### TASK STATEMENT
A word-for-word copy of the listing is required, and it must contain no pictures.

** Opening DATA FOR THE TASK block **

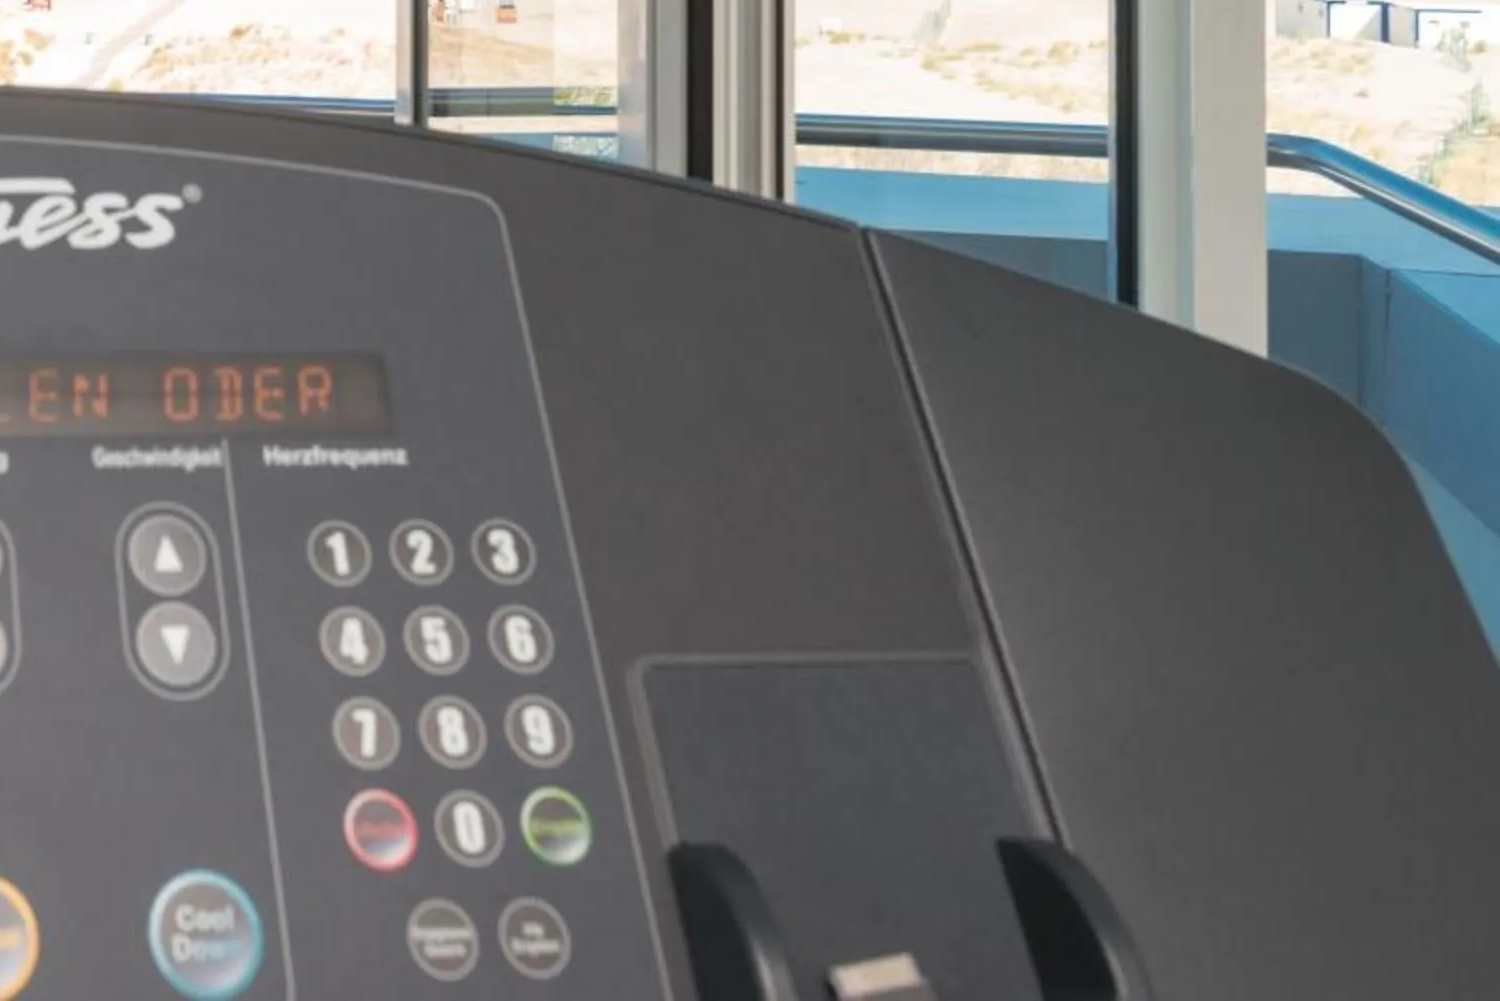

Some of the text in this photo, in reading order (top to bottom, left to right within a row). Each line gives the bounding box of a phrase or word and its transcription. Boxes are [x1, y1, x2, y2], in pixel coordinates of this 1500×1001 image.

[162, 364, 334, 422] ODER
[262, 444, 408, 470] Herzfrequenz
[325, 528, 519, 576] 1 2 3
[339, 614, 537, 664] 4 5 6
[352, 704, 555, 758] 7 8 9
[453, 801, 486, 854] 0
[175, 903, 235, 932] Cool

** Closing DATA FOR THE TASK block **

### RESULT BELOW
Some of the text in this photo, in reading order (top to bottom, left to right within a row). Each line gives the bounding box of a phrase or word and its transcription. Boxes are [x1, y1, x2, y2], in pixel coordinates of this 1500×1001 image.

[162, 364, 334, 422] ODER
[262, 444, 408, 470] Herzfrequenz
[325, 528, 519, 576] 1 2 3
[339, 614, 537, 664] 4 5 6
[352, 704, 555, 758] 7 8 9
[453, 801, 486, 854] 0
[175, 903, 235, 932] Cool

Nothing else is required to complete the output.